**** Input for this task ****
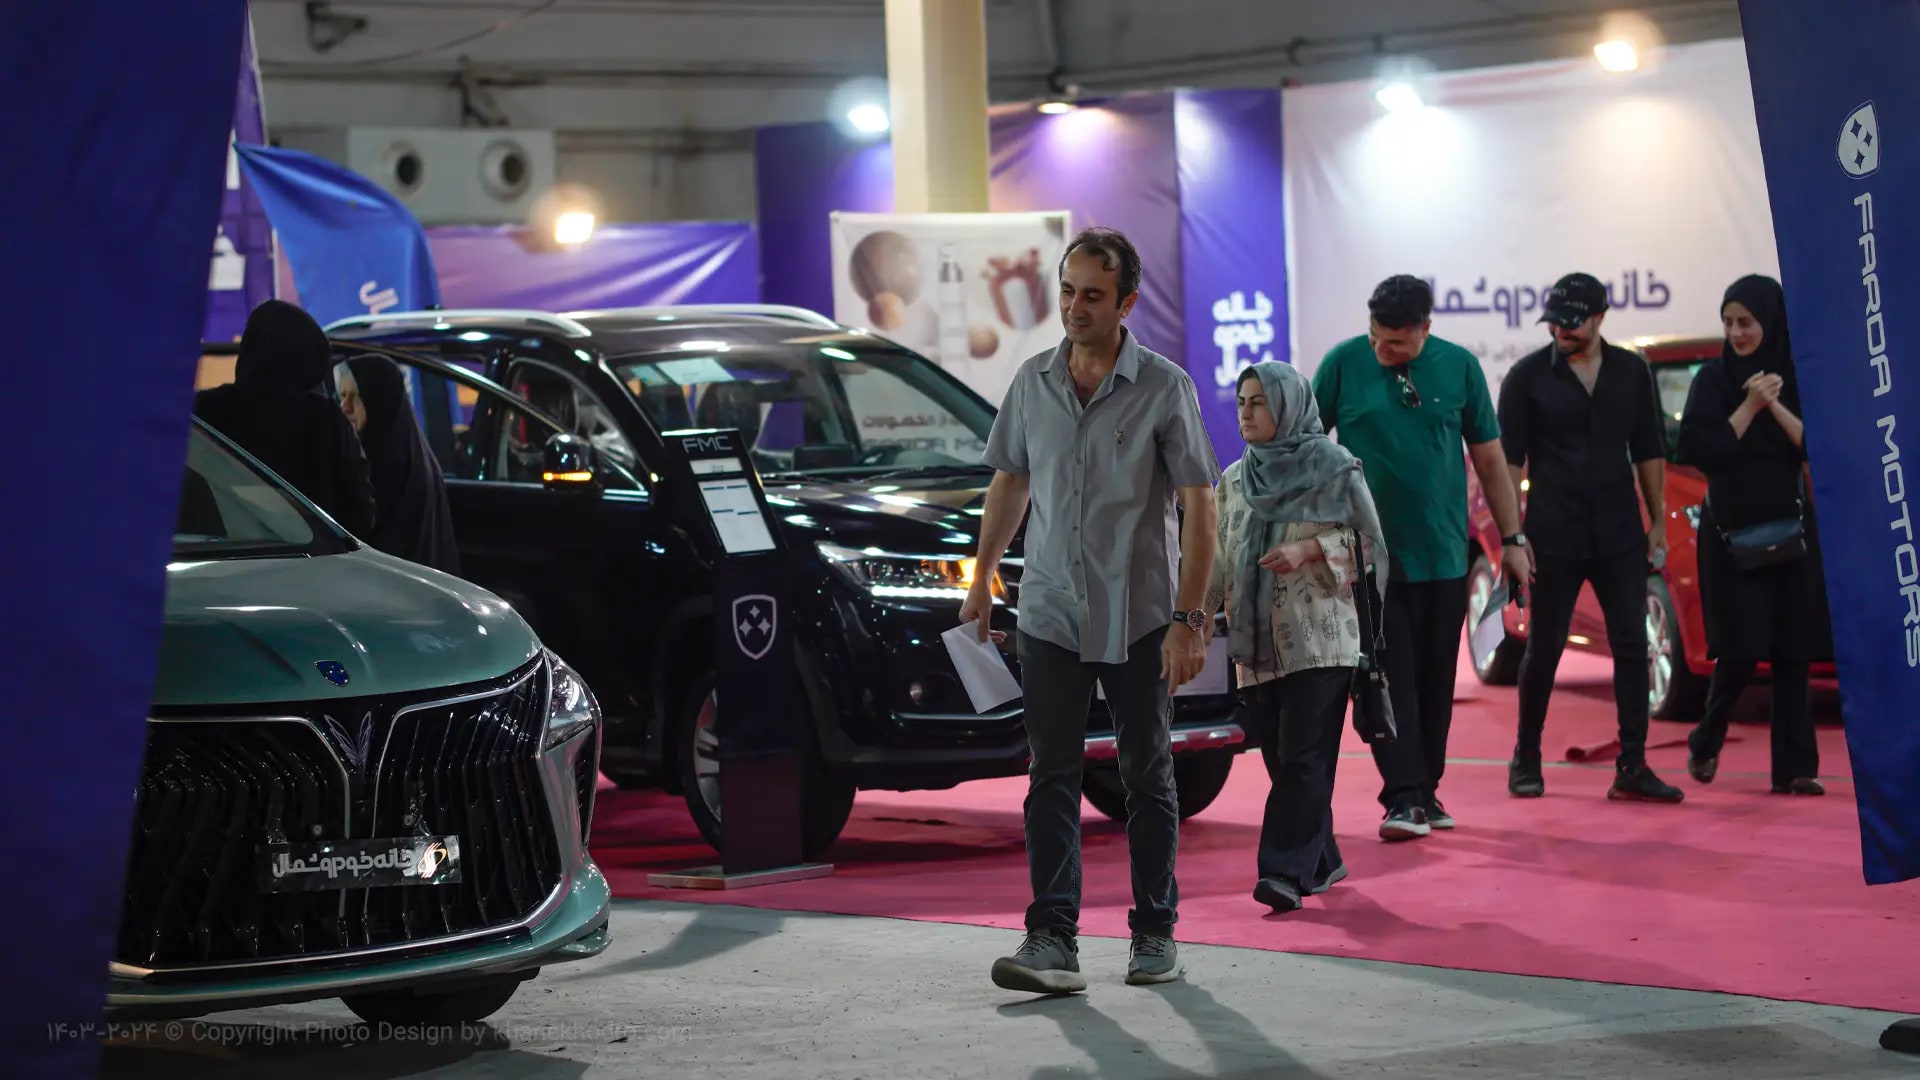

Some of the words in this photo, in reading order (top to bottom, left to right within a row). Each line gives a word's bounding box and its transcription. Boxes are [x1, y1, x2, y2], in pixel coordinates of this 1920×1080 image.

[1854, 192, 1892, 397] FARDA
[1876, 414, 1920, 668] MOTORS
[682, 436, 733, 453] FMC
[272, 853, 320, 878] شمال
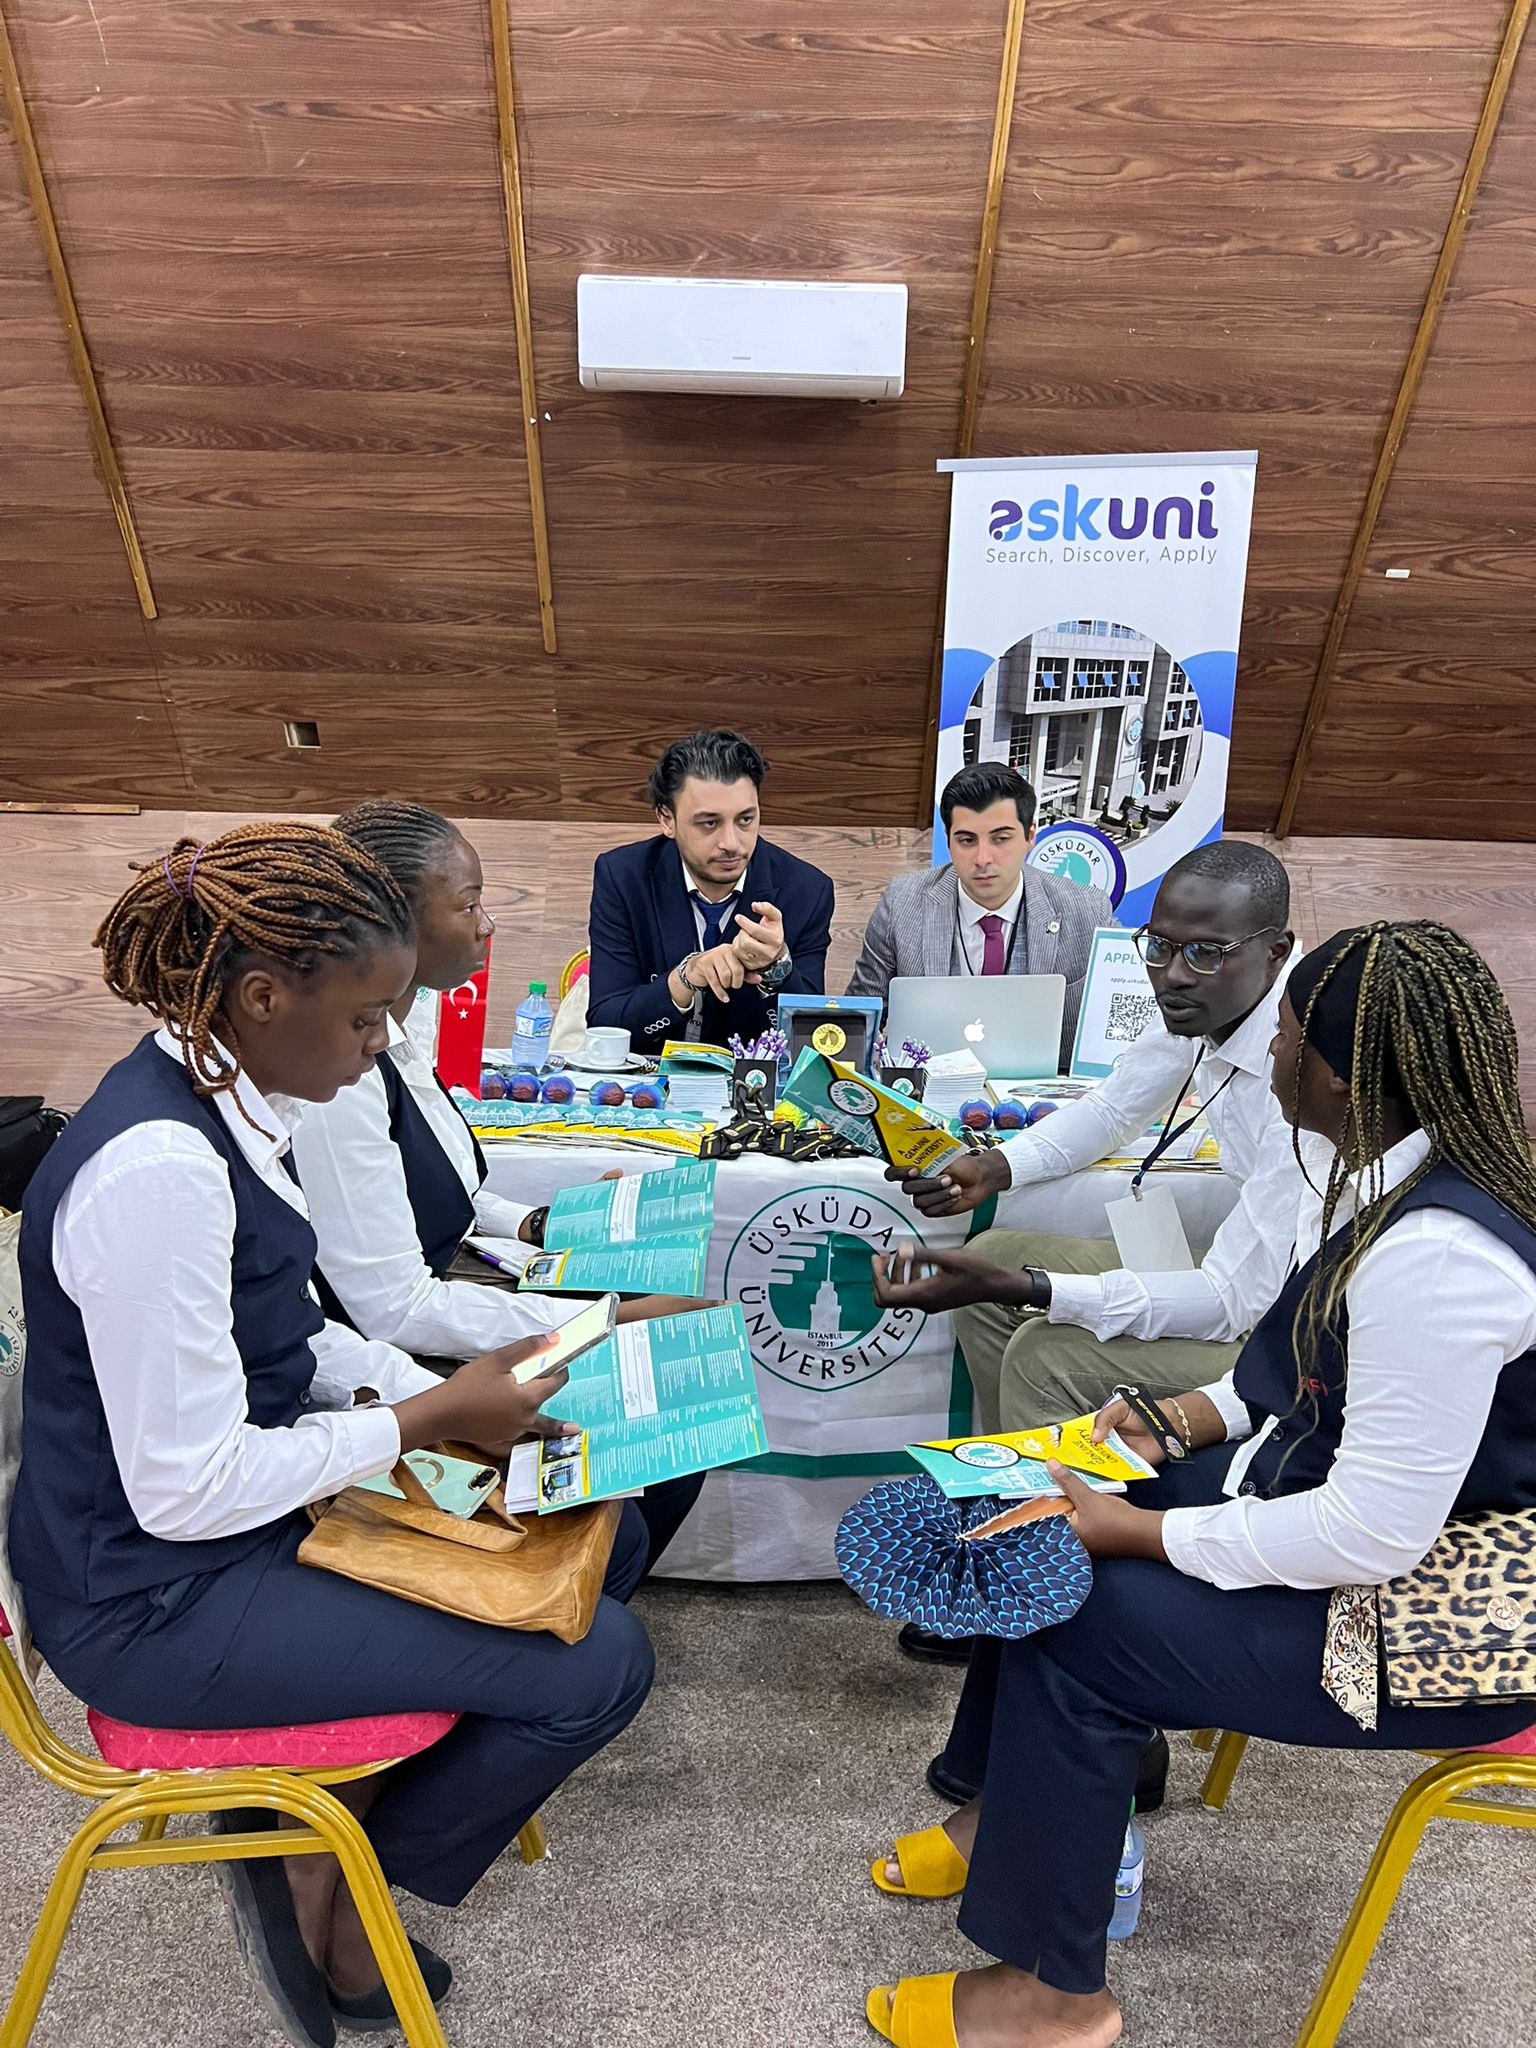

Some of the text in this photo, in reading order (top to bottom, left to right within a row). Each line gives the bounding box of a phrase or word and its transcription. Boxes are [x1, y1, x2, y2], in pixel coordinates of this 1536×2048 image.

[989, 481, 1219, 541] askuni
[986, 545, 1217, 564] Search, Discover, Apply
[897, 1149, 906, 1157] A
[904, 1136, 931, 1160] GENUINE
[913, 1138, 946, 1165] UNIVERSITY
[748, 1196, 897, 1255] ÜSKÜDA
[739, 1286, 913, 1380] ÜNİVERSİTES
[816, 1340, 834, 1348] 2011
****
- **Exercise details**
Output every line above exactly as it stands, and drop any picture.

- **Answer below**
Some of the words in this photo, in reading order (top to bottom, left to right within a row). Each line gives a word's bounding box and its transcription. Boxes are [x1, y1, x2, y2], in pixel coordinates of this 1920×1080 image.

[1854, 192, 1892, 397] FARDA
[1876, 414, 1920, 668] MOTORS
[682, 436, 733, 453] FMC
[272, 853, 320, 878] شمال

Some of the text in this photo, in reading order (top to bottom, left to right within a row). Each line gives the bounding box of a phrase or word and its transcription. Boxes are [x1, y1, x2, y2], in pixel coordinates of this 1536×2048 image.

[989, 481, 1219, 541] askuni
[986, 545, 1217, 564] Search, Discover, Apply
[897, 1149, 906, 1157] A
[904, 1136, 931, 1160] GENUINE
[913, 1138, 946, 1165] UNIVERSITY
[748, 1196, 897, 1255] ÜSKÜDA
[739, 1286, 913, 1380] ÜNİVERSİTES
[816, 1340, 834, 1348] 2011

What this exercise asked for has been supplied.